(Stored entries)
↓↓↓
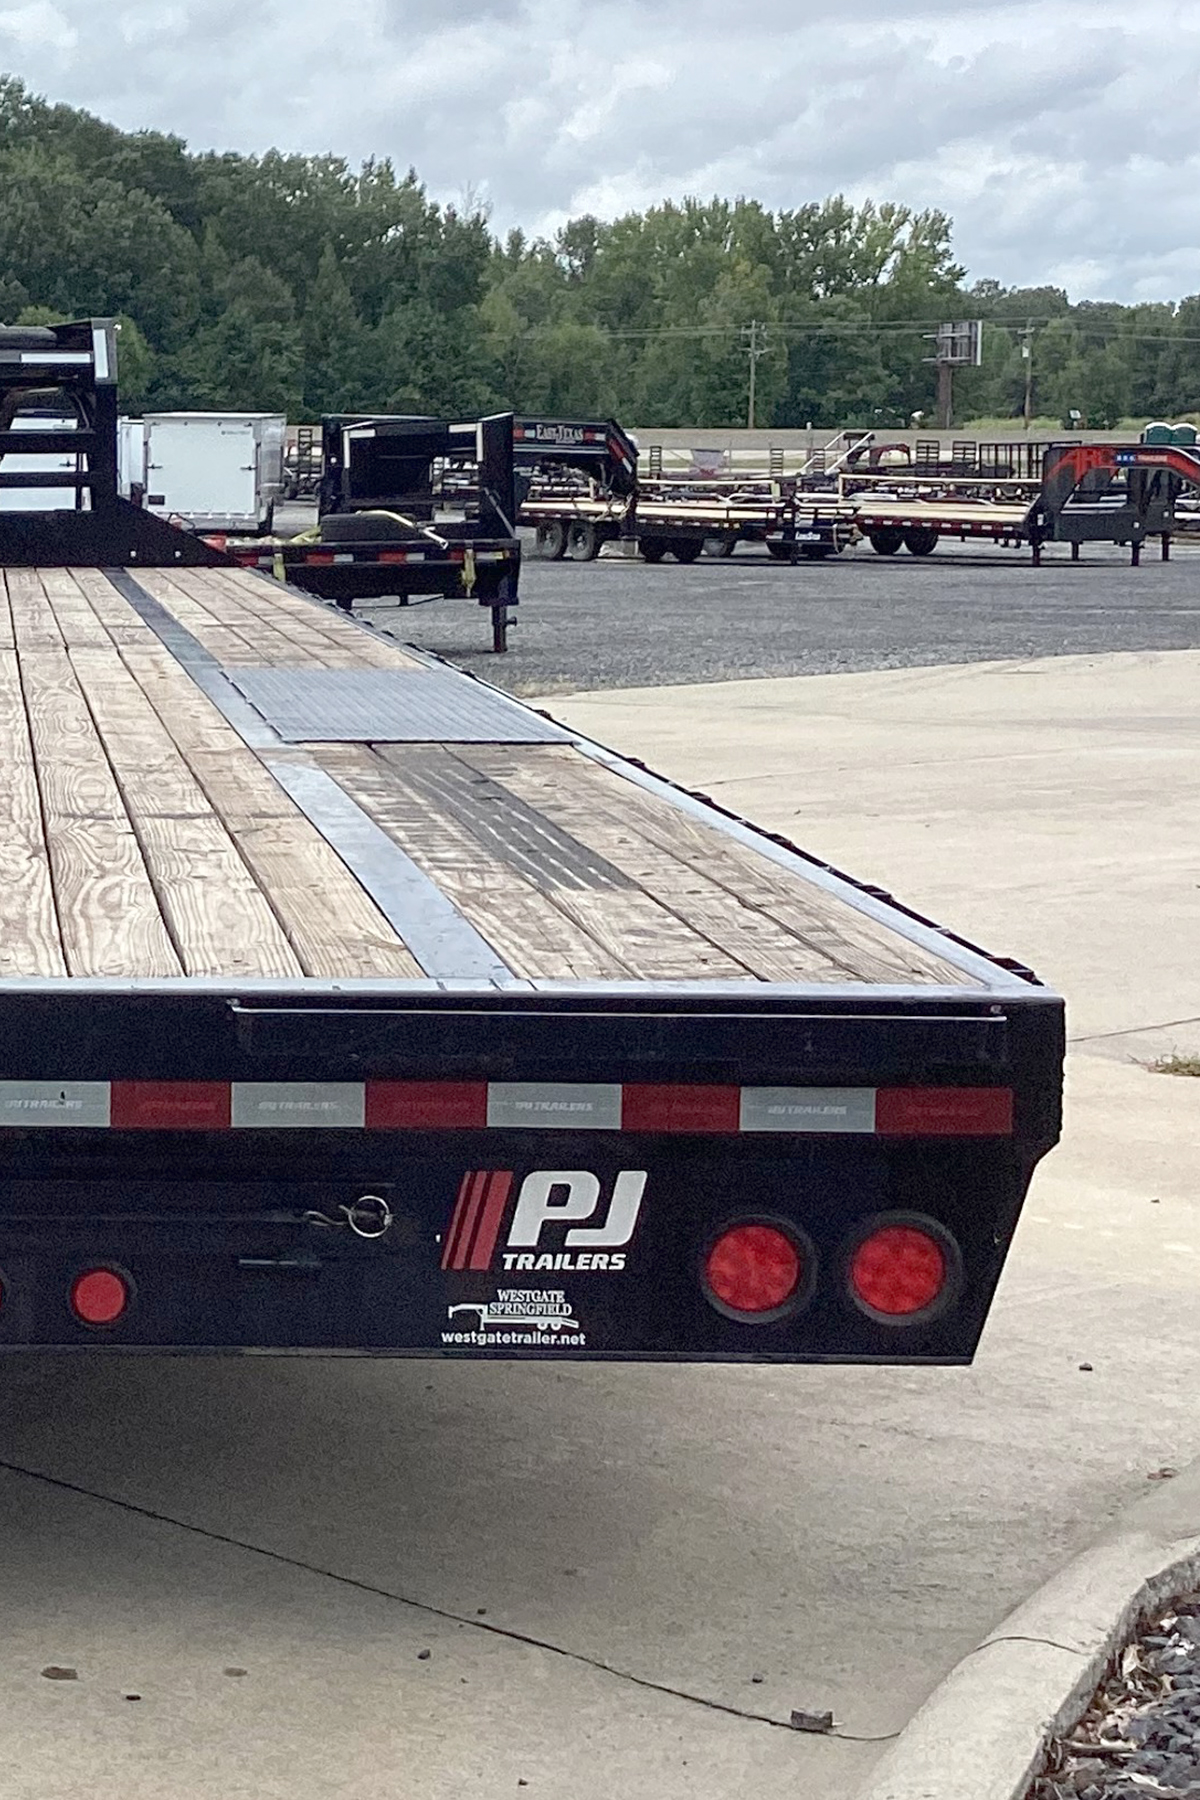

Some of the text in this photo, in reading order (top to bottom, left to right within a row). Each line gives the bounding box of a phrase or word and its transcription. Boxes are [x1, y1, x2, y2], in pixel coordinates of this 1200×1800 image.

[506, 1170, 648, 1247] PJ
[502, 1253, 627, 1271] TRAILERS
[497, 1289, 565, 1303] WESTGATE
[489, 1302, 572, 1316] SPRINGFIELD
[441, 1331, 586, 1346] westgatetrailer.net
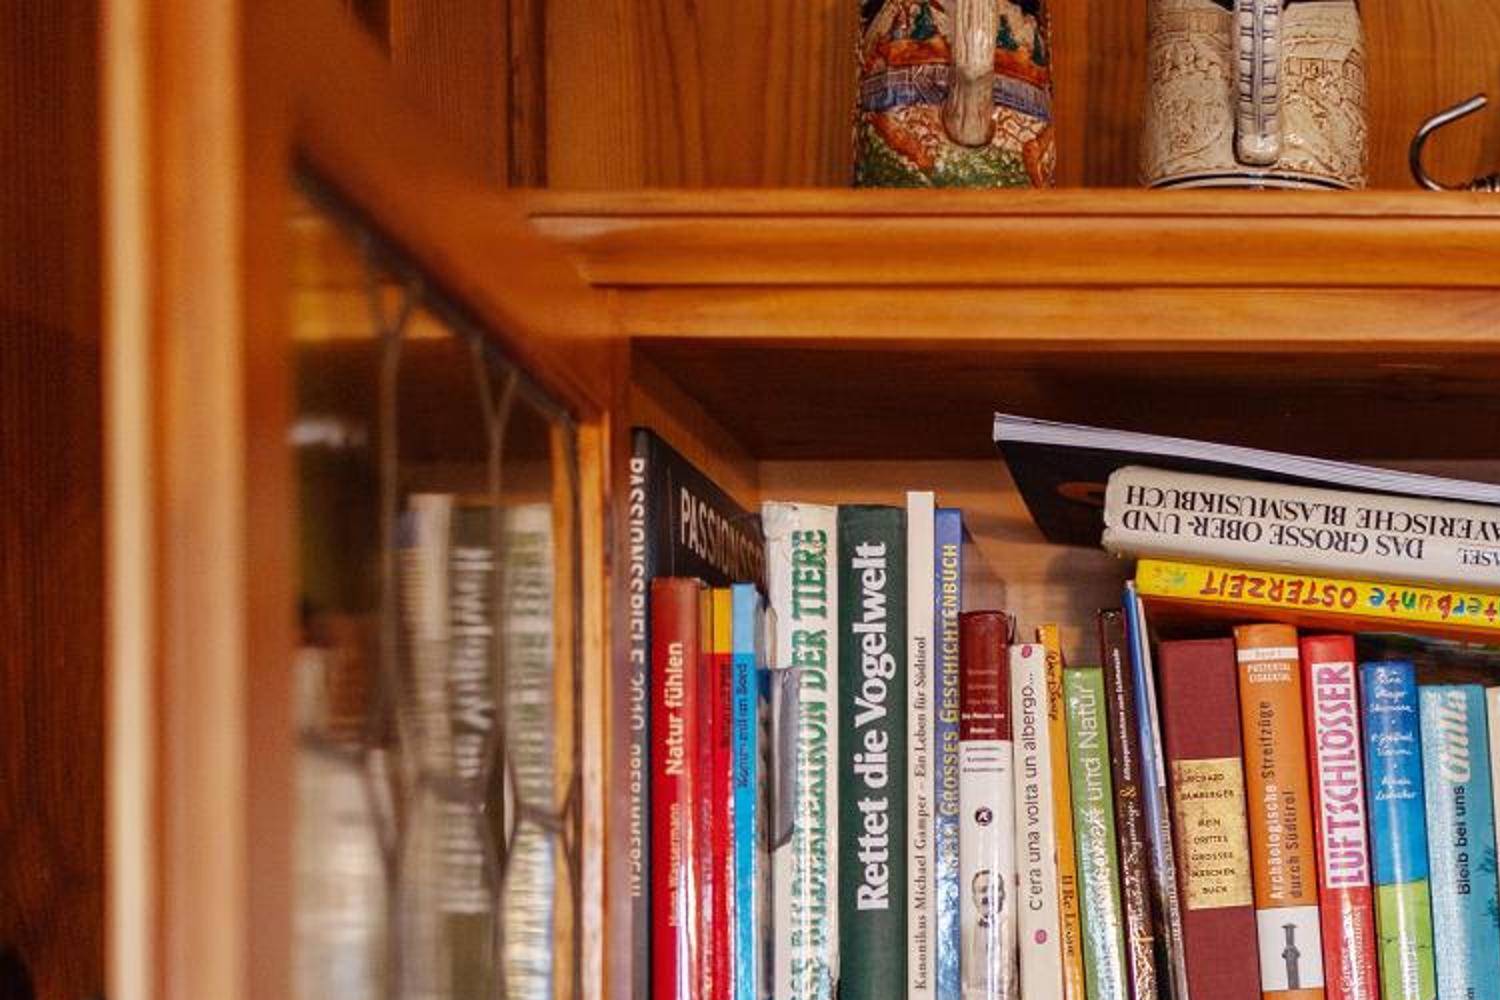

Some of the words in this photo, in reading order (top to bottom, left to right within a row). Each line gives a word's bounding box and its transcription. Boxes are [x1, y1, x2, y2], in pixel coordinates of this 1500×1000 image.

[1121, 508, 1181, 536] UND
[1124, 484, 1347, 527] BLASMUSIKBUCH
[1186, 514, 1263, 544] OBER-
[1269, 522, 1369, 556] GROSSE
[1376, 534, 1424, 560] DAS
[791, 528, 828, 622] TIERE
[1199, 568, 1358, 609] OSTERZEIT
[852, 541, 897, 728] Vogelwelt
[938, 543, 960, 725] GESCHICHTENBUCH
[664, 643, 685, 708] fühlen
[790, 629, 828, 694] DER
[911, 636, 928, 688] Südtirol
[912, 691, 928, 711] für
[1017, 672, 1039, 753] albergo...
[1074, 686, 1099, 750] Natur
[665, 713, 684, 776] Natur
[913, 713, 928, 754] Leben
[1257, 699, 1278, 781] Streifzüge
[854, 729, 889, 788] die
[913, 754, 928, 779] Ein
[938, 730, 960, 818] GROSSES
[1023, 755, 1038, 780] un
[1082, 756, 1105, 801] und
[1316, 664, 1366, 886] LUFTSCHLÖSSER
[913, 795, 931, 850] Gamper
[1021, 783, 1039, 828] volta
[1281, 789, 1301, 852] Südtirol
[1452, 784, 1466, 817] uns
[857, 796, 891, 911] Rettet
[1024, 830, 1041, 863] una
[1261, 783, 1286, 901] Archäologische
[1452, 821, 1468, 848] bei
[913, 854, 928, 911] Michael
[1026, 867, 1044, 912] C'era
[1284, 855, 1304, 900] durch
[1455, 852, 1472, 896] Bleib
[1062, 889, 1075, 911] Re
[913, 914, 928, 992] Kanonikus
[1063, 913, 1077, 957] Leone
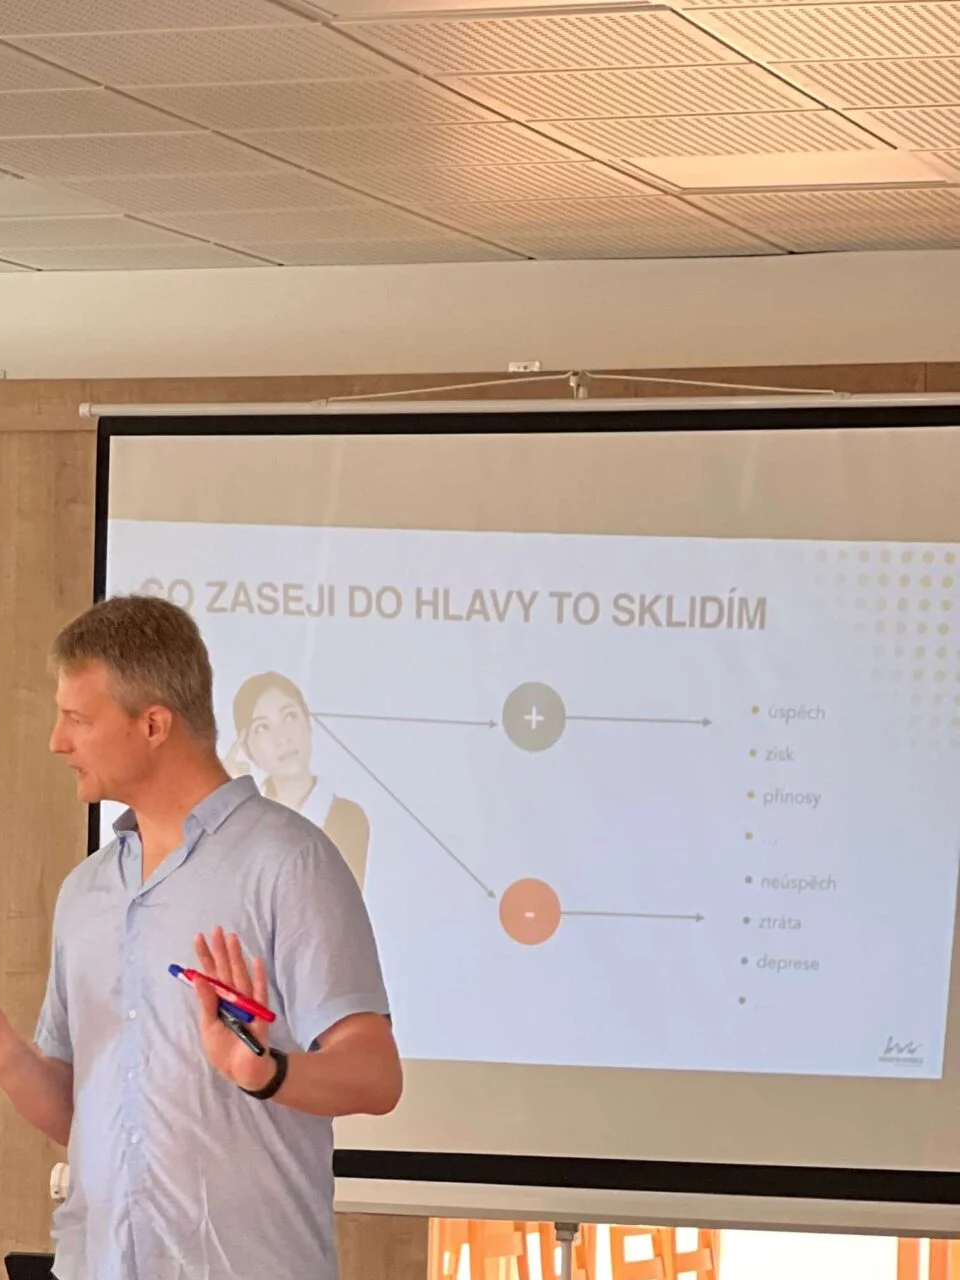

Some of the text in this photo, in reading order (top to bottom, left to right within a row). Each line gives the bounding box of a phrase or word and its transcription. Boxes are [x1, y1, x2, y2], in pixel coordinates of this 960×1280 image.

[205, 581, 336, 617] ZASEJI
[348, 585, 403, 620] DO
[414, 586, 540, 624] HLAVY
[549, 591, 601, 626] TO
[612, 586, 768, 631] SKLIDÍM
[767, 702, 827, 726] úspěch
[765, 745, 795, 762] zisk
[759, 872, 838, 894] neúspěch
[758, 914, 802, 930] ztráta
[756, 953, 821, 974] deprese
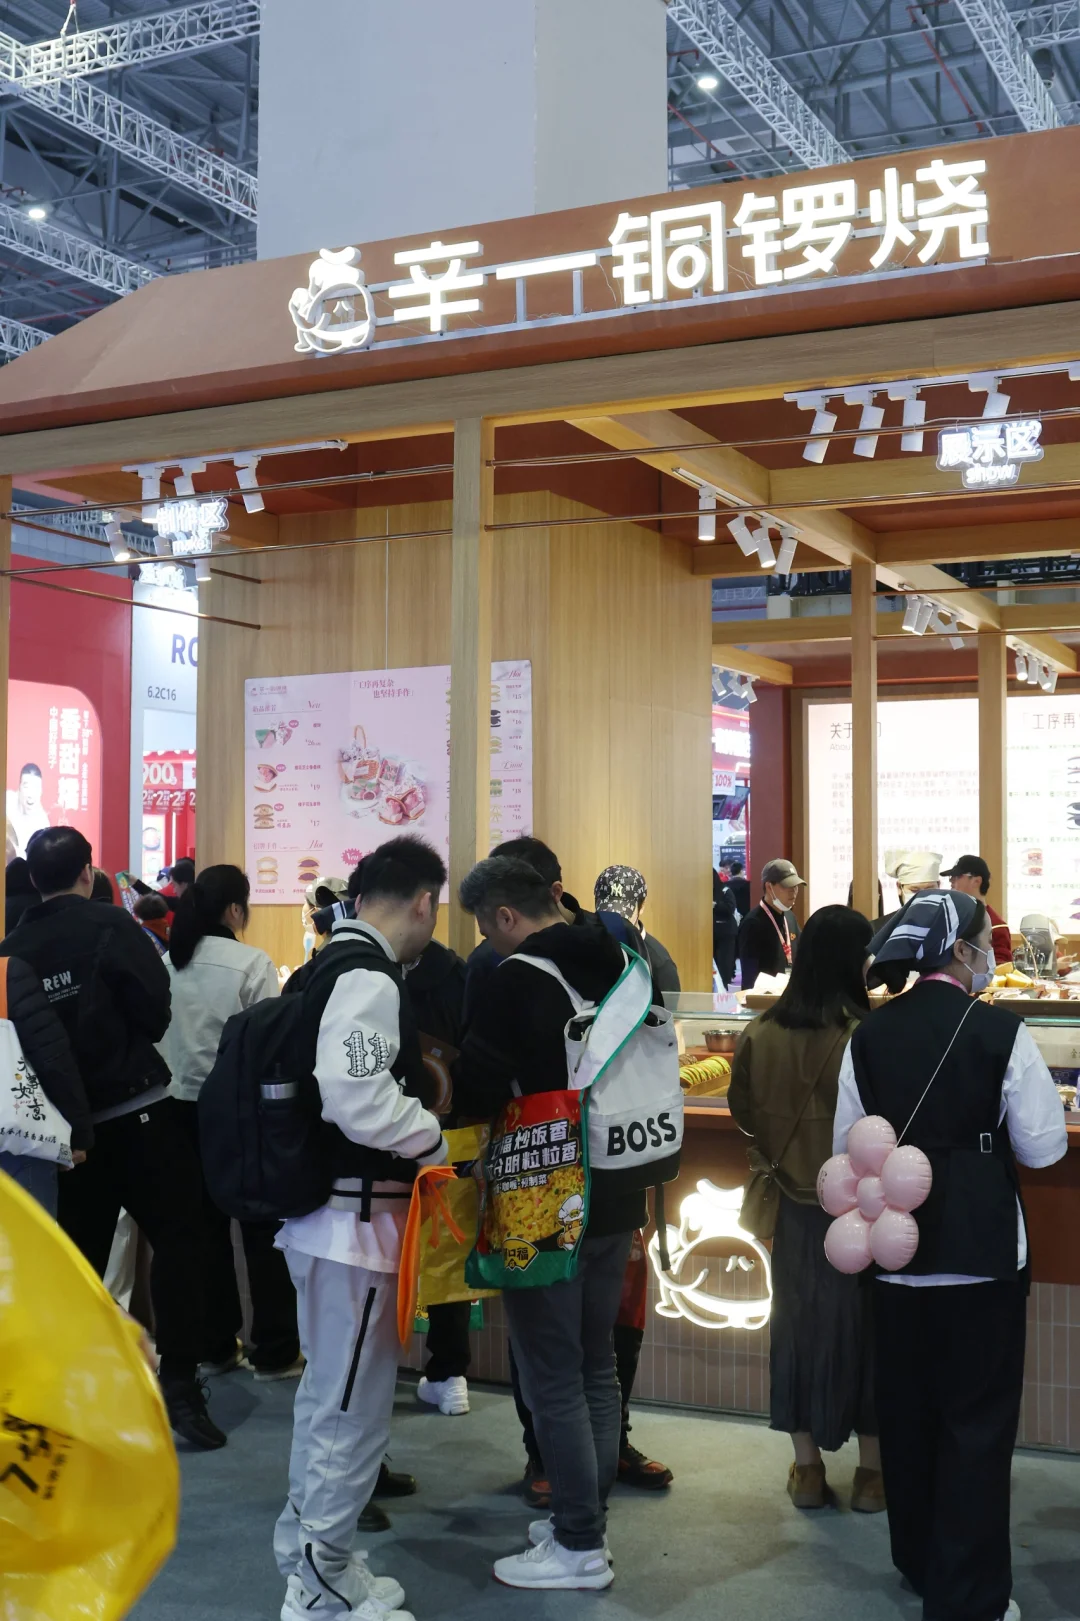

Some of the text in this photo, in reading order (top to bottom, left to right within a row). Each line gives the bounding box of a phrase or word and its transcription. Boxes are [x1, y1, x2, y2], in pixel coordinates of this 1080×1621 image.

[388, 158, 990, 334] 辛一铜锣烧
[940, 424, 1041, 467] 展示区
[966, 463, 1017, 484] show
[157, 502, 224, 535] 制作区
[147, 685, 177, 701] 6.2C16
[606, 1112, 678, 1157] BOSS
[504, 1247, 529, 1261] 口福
↑↑↑
Your assignment:
Retype the records above exactly, pictures omitted.

Result for this exercise:
Some of the text in this photo, in reading order (top to bottom, left to right within a row). Each line gives the bounding box of a phrase or word and its transcription. Boxes are [x1, y1, x2, y2], in pixel coordinates of this 1200×1800 image.

[506, 1170, 648, 1247] PJ
[502, 1253, 627, 1271] TRAILERS
[497, 1289, 565, 1303] WESTGATE
[489, 1302, 572, 1316] SPRINGFIELD
[441, 1331, 586, 1346] westgatetrailer.net

Some of the words in this photo, in reading order (top to bottom, left to right within a row). Each line gives a word's bounding box and its transcription. Boxes are [x1, y1, x2, y2], in pixel coordinates of this 1500×1000 image.

[1121, 508, 1181, 536] UND
[1124, 484, 1347, 527] BLASMUSIKBUCH
[1186, 514, 1263, 544] OBER-
[1269, 522, 1369, 556] GROSSE
[1376, 534, 1424, 560] DAS
[791, 528, 828, 622] TIERE
[1199, 568, 1358, 609] OSTERZEIT
[852, 541, 897, 728] Vogelwelt
[938, 543, 960, 725] GESCHICHTENBUCH
[664, 643, 685, 708] fühlen
[790, 629, 828, 694] DER
[911, 636, 928, 688] Südtirol
[912, 691, 928, 711] für
[1017, 672, 1039, 753] albergo...
[1074, 686, 1099, 750] Natur
[665, 713, 684, 776] Natur
[913, 713, 928, 754] Leben
[1257, 699, 1278, 781] Streifzüge
[854, 729, 889, 788] die
[913, 754, 928, 779] Ein
[938, 730, 960, 818] GROSSES
[1023, 755, 1038, 780] un
[1082, 756, 1105, 801] und
[1316, 664, 1366, 886] LUFTSCHLÖSSER
[913, 795, 931, 850] Gamper
[1021, 783, 1039, 828] volta
[1281, 789, 1301, 852] Südtirol
[1452, 784, 1466, 817] uns
[857, 796, 891, 911] Rettet
[1024, 830, 1041, 863] una
[1261, 783, 1286, 901] Archäologische
[1452, 821, 1468, 848] bei
[913, 854, 928, 911] Michael
[1026, 867, 1044, 912] C'era
[1284, 855, 1304, 900] durch
[1455, 852, 1472, 896] Bleib
[1062, 889, 1075, 911] Re
[913, 914, 928, 992] Kanonikus
[1063, 913, 1077, 957] Leone

Some of the text in this photo, in reading order (top to bottom, left to right within a row). Each line gives the bounding box of a phrase or word and its transcription. Boxes are [x1, y1, x2, y2], in pixel coordinates of this 960×1280 image.

[205, 581, 336, 617] ZASEJI
[348, 585, 403, 620] DO
[414, 586, 540, 624] HLAVY
[549, 591, 601, 626] TO
[612, 586, 768, 631] SKLIDÍM
[767, 702, 827, 726] úspěch
[765, 745, 795, 762] zisk
[759, 872, 838, 894] neúspěch
[758, 914, 802, 930] ztráta
[756, 953, 821, 974] deprese

Some of the text in this photo, in reading order (top to bottom, left to right within a row). Each line gives the bounding box of a phrase or word and its transcription. Boxes are [x1, y1, x2, y2], in pixel coordinates of this 1080×1621 image.

[388, 158, 990, 334] 辛一铜锣烧
[940, 424, 1041, 467] 展示区
[966, 463, 1017, 484] show
[157, 502, 224, 535] 制作区
[147, 685, 177, 701] 6.2C16
[606, 1112, 678, 1157] BOSS
[504, 1247, 529, 1261] 口福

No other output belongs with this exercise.